## Exercise requirements
Leave the images out. Give every line below again, precisely.

## Exercise data
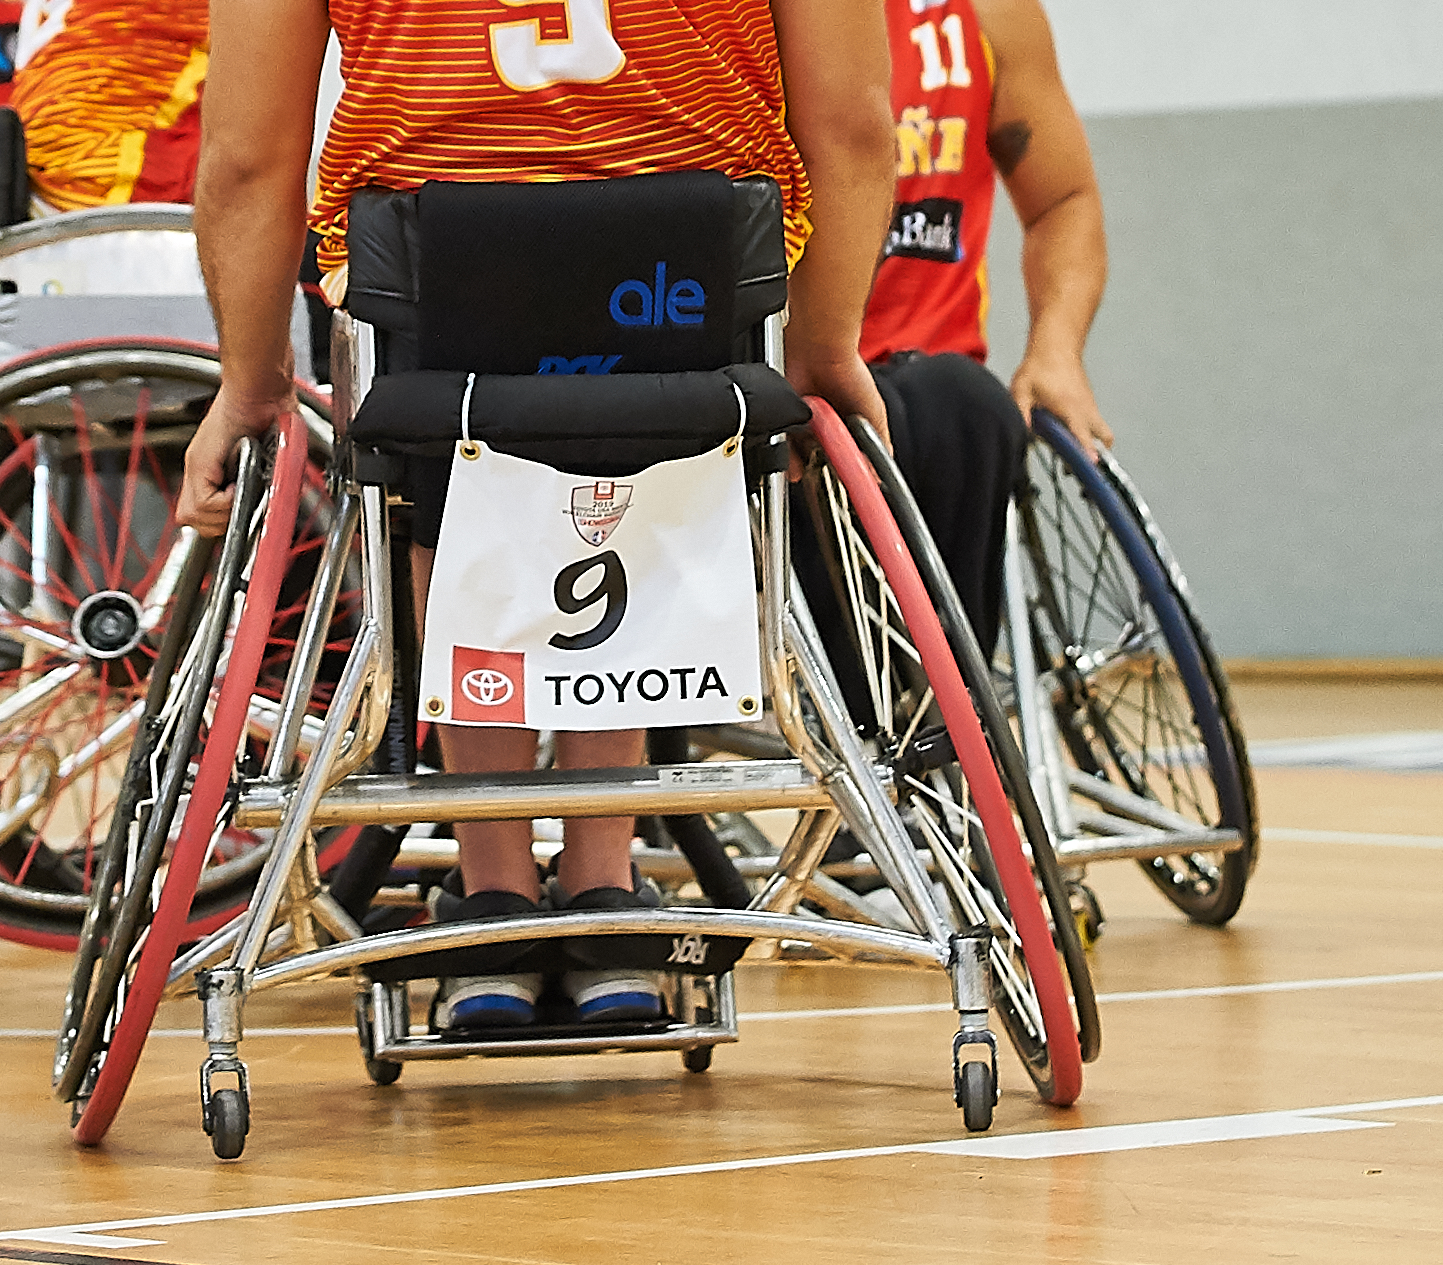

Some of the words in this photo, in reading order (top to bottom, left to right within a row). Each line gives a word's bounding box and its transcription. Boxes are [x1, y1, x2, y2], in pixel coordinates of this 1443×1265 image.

[910, 13, 972, 92] 11
[609, 261, 706, 326] ale
[547, 550, 629, 651] 9
[544, 666, 729, 706] TOYOTA
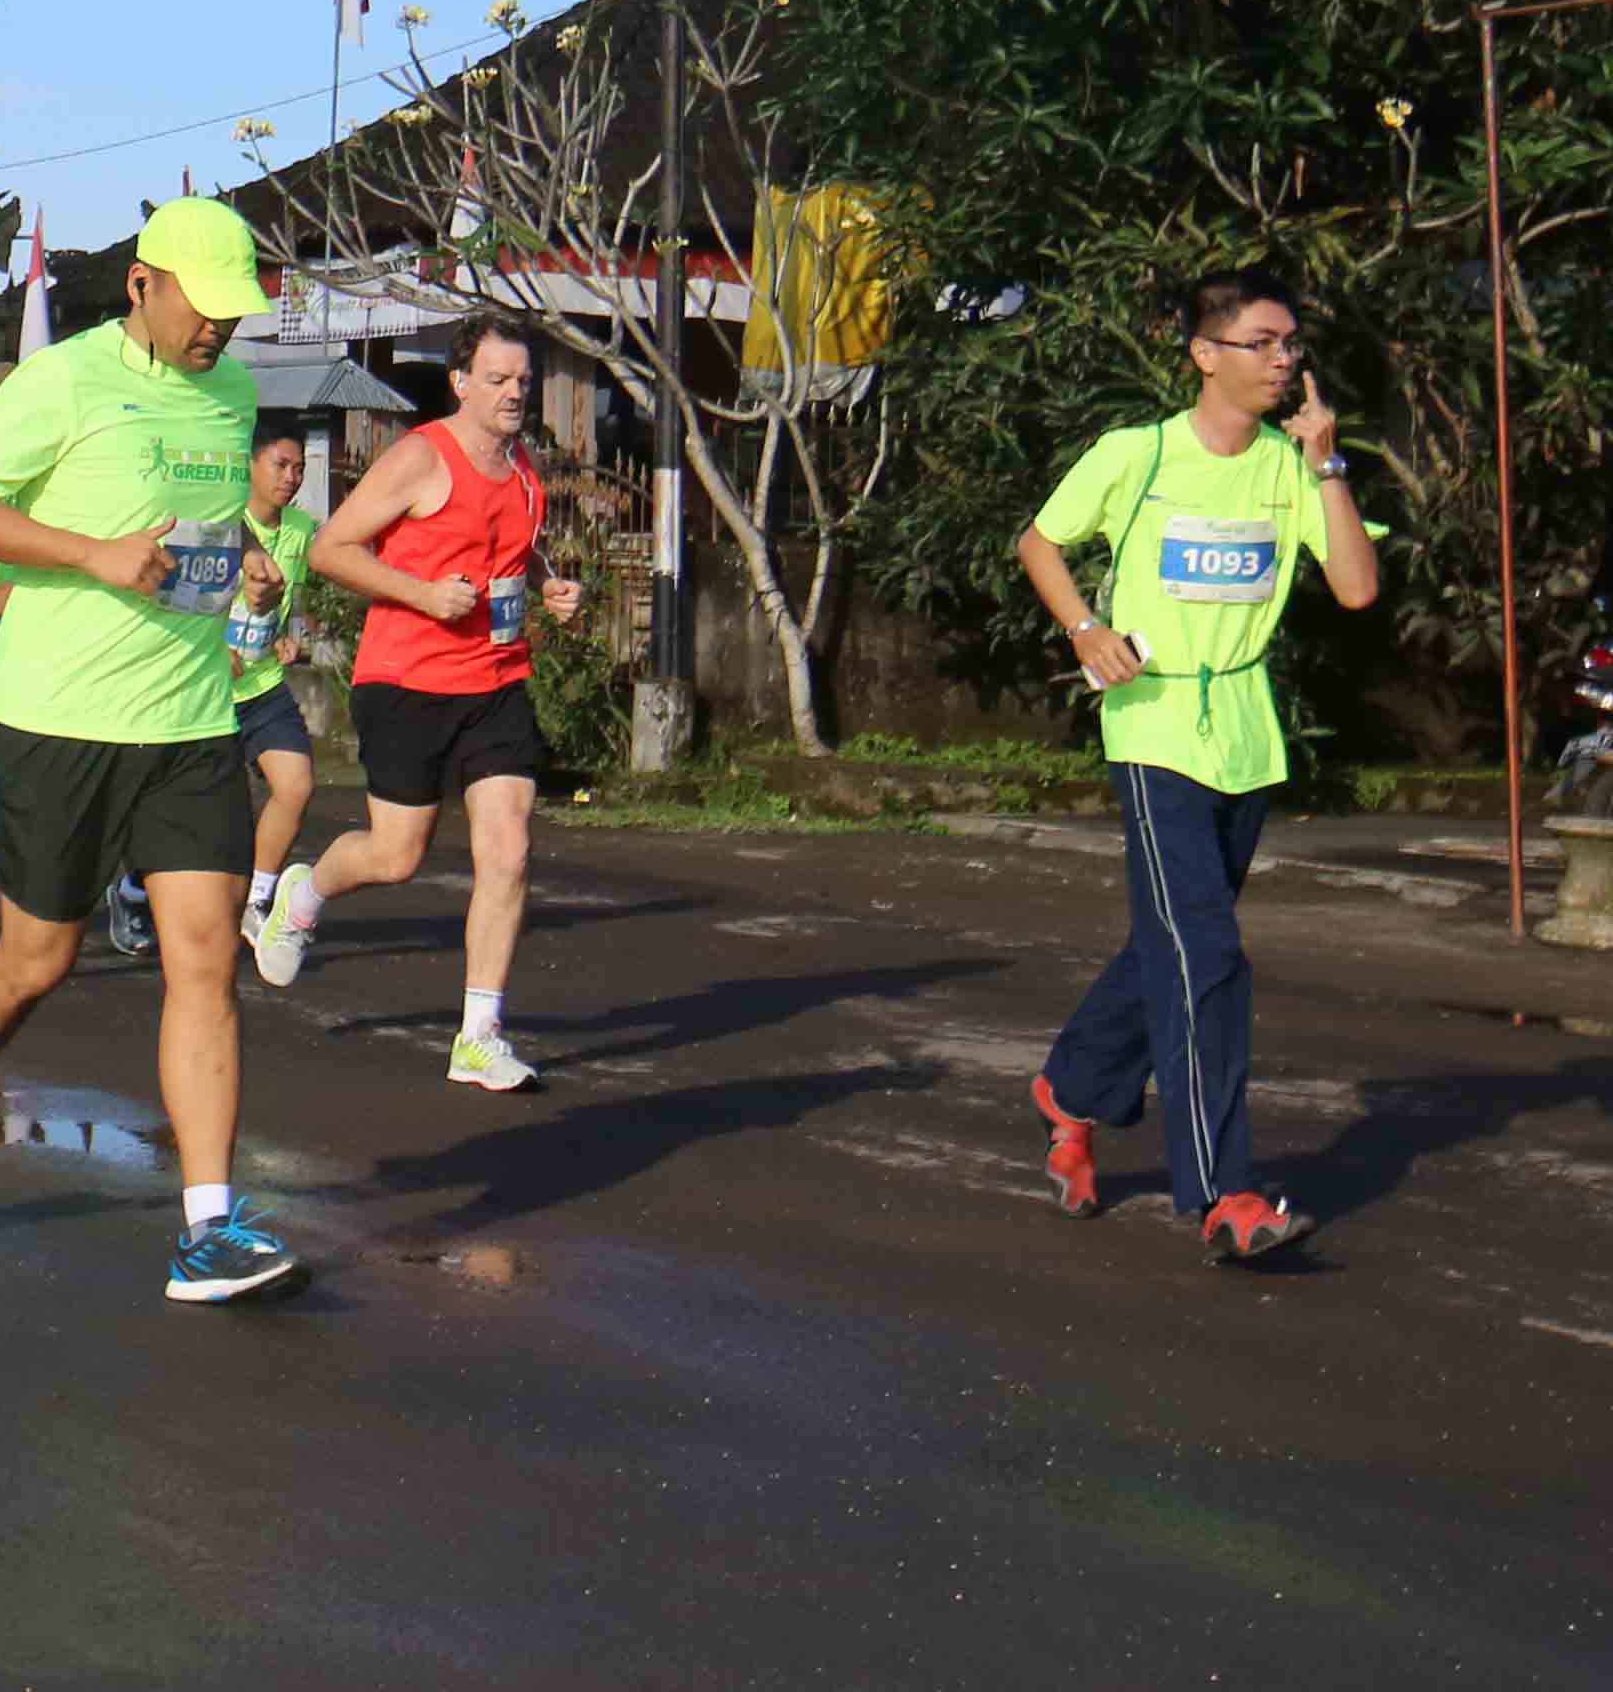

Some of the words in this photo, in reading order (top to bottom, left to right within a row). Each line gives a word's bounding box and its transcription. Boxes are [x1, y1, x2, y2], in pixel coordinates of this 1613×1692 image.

[173, 462, 227, 482] GREEN
[230, 466, 249, 483] RU
[179, 554, 230, 584] 1089
[1181, 548, 1260, 577] 1093

## Result
Some of the words in this photo, in reading order (top to bottom, left to right within a row). Each line gives a word's bounding box and its transcription. Boxes are [x1, y1, x2, y2], in pixel coordinates of this 1443×1265 image.

[910, 13, 972, 92] 11
[609, 261, 706, 326] ale
[547, 550, 629, 651] 9
[544, 666, 729, 706] TOYOTA

Some of the words in this photo, in reading order (top to bottom, left to right within a row). Each line gives a word's bounding box and its transcription. Boxes are [x1, y1, x2, y2], in pixel coordinates of this 1613×1692 image.

[173, 462, 227, 482] GREEN
[230, 466, 249, 483] RU
[179, 554, 230, 584] 1089
[1181, 548, 1260, 577] 1093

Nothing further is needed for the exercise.